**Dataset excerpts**

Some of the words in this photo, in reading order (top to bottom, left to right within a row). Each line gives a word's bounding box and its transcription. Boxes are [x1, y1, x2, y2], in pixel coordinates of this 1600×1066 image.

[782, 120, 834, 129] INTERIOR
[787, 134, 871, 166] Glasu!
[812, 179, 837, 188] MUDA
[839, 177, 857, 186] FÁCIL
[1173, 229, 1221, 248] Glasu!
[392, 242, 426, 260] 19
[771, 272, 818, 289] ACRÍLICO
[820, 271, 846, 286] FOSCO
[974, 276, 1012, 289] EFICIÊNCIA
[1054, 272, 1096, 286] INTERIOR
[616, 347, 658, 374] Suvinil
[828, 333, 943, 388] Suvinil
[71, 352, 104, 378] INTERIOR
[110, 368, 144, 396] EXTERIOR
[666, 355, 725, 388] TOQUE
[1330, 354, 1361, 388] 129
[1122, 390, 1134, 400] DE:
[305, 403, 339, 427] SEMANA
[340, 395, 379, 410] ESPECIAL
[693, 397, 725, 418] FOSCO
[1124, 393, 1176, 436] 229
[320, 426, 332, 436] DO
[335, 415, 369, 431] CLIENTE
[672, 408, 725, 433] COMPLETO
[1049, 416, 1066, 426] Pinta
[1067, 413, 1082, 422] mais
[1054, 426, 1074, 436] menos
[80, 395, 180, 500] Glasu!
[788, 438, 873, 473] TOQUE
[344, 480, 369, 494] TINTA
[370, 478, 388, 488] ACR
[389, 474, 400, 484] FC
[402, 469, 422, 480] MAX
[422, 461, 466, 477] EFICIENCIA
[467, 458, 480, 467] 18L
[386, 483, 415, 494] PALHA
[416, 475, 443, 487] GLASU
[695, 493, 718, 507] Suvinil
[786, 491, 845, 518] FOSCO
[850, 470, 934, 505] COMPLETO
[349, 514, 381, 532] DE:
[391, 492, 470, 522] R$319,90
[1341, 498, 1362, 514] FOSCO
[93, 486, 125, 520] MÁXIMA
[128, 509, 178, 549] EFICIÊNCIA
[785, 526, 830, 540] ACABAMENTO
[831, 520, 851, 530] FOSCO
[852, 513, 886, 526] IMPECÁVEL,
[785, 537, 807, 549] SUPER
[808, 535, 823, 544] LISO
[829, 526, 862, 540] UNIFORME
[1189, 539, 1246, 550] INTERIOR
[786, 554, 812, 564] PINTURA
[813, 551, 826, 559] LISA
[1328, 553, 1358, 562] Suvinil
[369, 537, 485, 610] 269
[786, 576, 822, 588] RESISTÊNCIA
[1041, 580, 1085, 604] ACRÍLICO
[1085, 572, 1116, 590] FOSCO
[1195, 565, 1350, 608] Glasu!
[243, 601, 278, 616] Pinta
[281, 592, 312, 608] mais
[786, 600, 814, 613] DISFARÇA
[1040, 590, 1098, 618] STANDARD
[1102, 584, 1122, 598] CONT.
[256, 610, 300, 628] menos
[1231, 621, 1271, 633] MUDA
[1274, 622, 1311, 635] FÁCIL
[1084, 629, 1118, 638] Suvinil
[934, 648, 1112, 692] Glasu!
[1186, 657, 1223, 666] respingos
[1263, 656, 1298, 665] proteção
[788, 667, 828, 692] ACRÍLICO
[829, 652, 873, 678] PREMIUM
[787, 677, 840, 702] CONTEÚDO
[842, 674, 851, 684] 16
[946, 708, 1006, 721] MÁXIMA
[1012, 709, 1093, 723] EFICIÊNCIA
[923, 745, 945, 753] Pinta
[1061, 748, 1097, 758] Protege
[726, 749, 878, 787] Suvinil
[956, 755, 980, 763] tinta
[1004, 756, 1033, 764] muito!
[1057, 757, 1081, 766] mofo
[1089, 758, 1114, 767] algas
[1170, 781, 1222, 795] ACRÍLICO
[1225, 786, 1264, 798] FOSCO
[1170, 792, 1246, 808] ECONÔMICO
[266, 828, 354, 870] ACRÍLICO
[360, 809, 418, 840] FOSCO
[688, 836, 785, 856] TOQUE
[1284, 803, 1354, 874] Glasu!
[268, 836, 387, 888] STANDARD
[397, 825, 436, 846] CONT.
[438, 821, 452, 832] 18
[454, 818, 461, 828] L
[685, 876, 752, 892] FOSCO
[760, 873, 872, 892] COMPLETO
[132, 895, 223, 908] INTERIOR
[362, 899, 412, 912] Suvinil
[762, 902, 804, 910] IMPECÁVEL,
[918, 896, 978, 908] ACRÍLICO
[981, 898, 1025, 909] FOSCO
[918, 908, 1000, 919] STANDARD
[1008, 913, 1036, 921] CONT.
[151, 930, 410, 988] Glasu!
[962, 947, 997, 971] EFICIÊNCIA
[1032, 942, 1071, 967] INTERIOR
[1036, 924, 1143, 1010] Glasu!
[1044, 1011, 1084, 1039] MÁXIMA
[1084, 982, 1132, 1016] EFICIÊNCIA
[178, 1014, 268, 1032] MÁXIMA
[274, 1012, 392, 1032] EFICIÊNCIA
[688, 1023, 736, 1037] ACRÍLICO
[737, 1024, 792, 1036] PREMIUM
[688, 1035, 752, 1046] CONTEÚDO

**Work item**
In this exercise, the data above is to be printed exactly.

**Answer below**
Some of the words in this photo, in reading order (top to bottom, left to right within a row). Each line gives a word's bounding box and its transcription. Boxes are [x1, y1, x2, y2], in pixel coordinates of this 1600×1066 image.

[782, 120, 834, 129] INTERIOR
[787, 134, 871, 166] Glasu!
[812, 179, 837, 188] MUDA
[839, 177, 857, 186] FÁCIL
[1173, 229, 1221, 248] Glasu!
[392, 242, 426, 260] 19
[771, 272, 818, 289] ACRÍLICO
[820, 271, 846, 286] FOSCO
[974, 276, 1012, 289] EFICIÊNCIA
[1054, 272, 1096, 286] INTERIOR
[616, 347, 658, 374] Suvinil
[828, 333, 943, 388] Suvinil
[71, 352, 104, 378] INTERIOR
[110, 368, 144, 396] EXTERIOR
[666, 355, 725, 388] TOQUE
[1330, 354, 1361, 388] 129
[1122, 390, 1134, 400] DE:
[305, 403, 339, 427] SEMANA
[340, 395, 379, 410] ESPECIAL
[693, 397, 725, 418] FOSCO
[1124, 393, 1176, 436] 229
[320, 426, 332, 436] DO
[335, 415, 369, 431] CLIENTE
[672, 408, 725, 433] COMPLETO
[1049, 416, 1066, 426] Pinta
[1067, 413, 1082, 422] mais
[1054, 426, 1074, 436] menos
[80, 395, 180, 500] Glasu!
[788, 438, 873, 473] TOQUE
[344, 480, 369, 494] TINTA
[370, 478, 388, 488] ACR
[389, 474, 400, 484] FC
[402, 469, 422, 480] MAX
[422, 461, 466, 477] EFICIENCIA
[467, 458, 480, 467] 18L
[386, 483, 415, 494] PALHA
[416, 475, 443, 487] GLASU
[695, 493, 718, 507] Suvinil
[786, 491, 845, 518] FOSCO
[850, 470, 934, 505] COMPLETO
[349, 514, 381, 532] DE:
[391, 492, 470, 522] R$319,90
[1341, 498, 1362, 514] FOSCO
[93, 486, 125, 520] MÁXIMA
[128, 509, 178, 549] EFICIÊNCIA
[785, 526, 830, 540] ACABAMENTO
[831, 520, 851, 530] FOSCO
[852, 513, 886, 526] IMPECÁVEL,
[785, 537, 807, 549] SUPER
[808, 535, 823, 544] LISO
[829, 526, 862, 540] UNIFORME
[1189, 539, 1246, 550] INTERIOR
[786, 554, 812, 564] PINTURA
[813, 551, 826, 559] LISA
[1328, 553, 1358, 562] Suvinil
[369, 537, 485, 610] 269
[786, 576, 822, 588] RESISTÊNCIA
[1041, 580, 1085, 604] ACRÍLICO
[1085, 572, 1116, 590] FOSCO
[1195, 565, 1350, 608] Glasu!
[243, 601, 278, 616] Pinta
[281, 592, 312, 608] mais
[786, 600, 814, 613] DISFARÇA
[1040, 590, 1098, 618] STANDARD
[1102, 584, 1122, 598] CONT.
[256, 610, 300, 628] menos
[1231, 621, 1271, 633] MUDA
[1274, 622, 1311, 635] FÁCIL
[1084, 629, 1118, 638] Suvinil
[934, 648, 1112, 692] Glasu!
[1186, 657, 1223, 666] respingos
[1263, 656, 1298, 665] proteção
[788, 667, 828, 692] ACRÍLICO
[829, 652, 873, 678] PREMIUM
[787, 677, 840, 702] CONTEÚDO
[842, 674, 851, 684] 16
[946, 708, 1006, 721] MÁXIMA
[1012, 709, 1093, 723] EFICIÊNCIA
[923, 745, 945, 753] Pinta
[1061, 748, 1097, 758] Protege
[726, 749, 878, 787] Suvinil
[956, 755, 980, 763] tinta
[1004, 756, 1033, 764] muito!
[1057, 757, 1081, 766] mofo
[1089, 758, 1114, 767] algas
[1170, 781, 1222, 795] ACRÍLICO
[1225, 786, 1264, 798] FOSCO
[1170, 792, 1246, 808] ECONÔMICO
[266, 828, 354, 870] ACRÍLICO
[360, 809, 418, 840] FOSCO
[688, 836, 785, 856] TOQUE
[1284, 803, 1354, 874] Glasu!
[268, 836, 387, 888] STANDARD
[397, 825, 436, 846] CONT.
[438, 821, 452, 832] 18
[454, 818, 461, 828] L
[685, 876, 752, 892] FOSCO
[760, 873, 872, 892] COMPLETO
[132, 895, 223, 908] INTERIOR
[362, 899, 412, 912] Suvinil
[762, 902, 804, 910] IMPECÁVEL,
[918, 896, 978, 908] ACRÍLICO
[981, 898, 1025, 909] FOSCO
[918, 908, 1000, 919] STANDARD
[1008, 913, 1036, 921] CONT.
[151, 930, 410, 988] Glasu!
[962, 947, 997, 971] EFICIÊNCIA
[1032, 942, 1071, 967] INTERIOR
[1036, 924, 1143, 1010] Glasu!
[1044, 1011, 1084, 1039] MÁXIMA
[1084, 982, 1132, 1016] EFICIÊNCIA
[178, 1014, 268, 1032] MÁXIMA
[274, 1012, 392, 1032] EFICIÊNCIA
[688, 1023, 736, 1037] ACRÍLICO
[737, 1024, 792, 1036] PREMIUM
[688, 1035, 752, 1046] CONTEÚDO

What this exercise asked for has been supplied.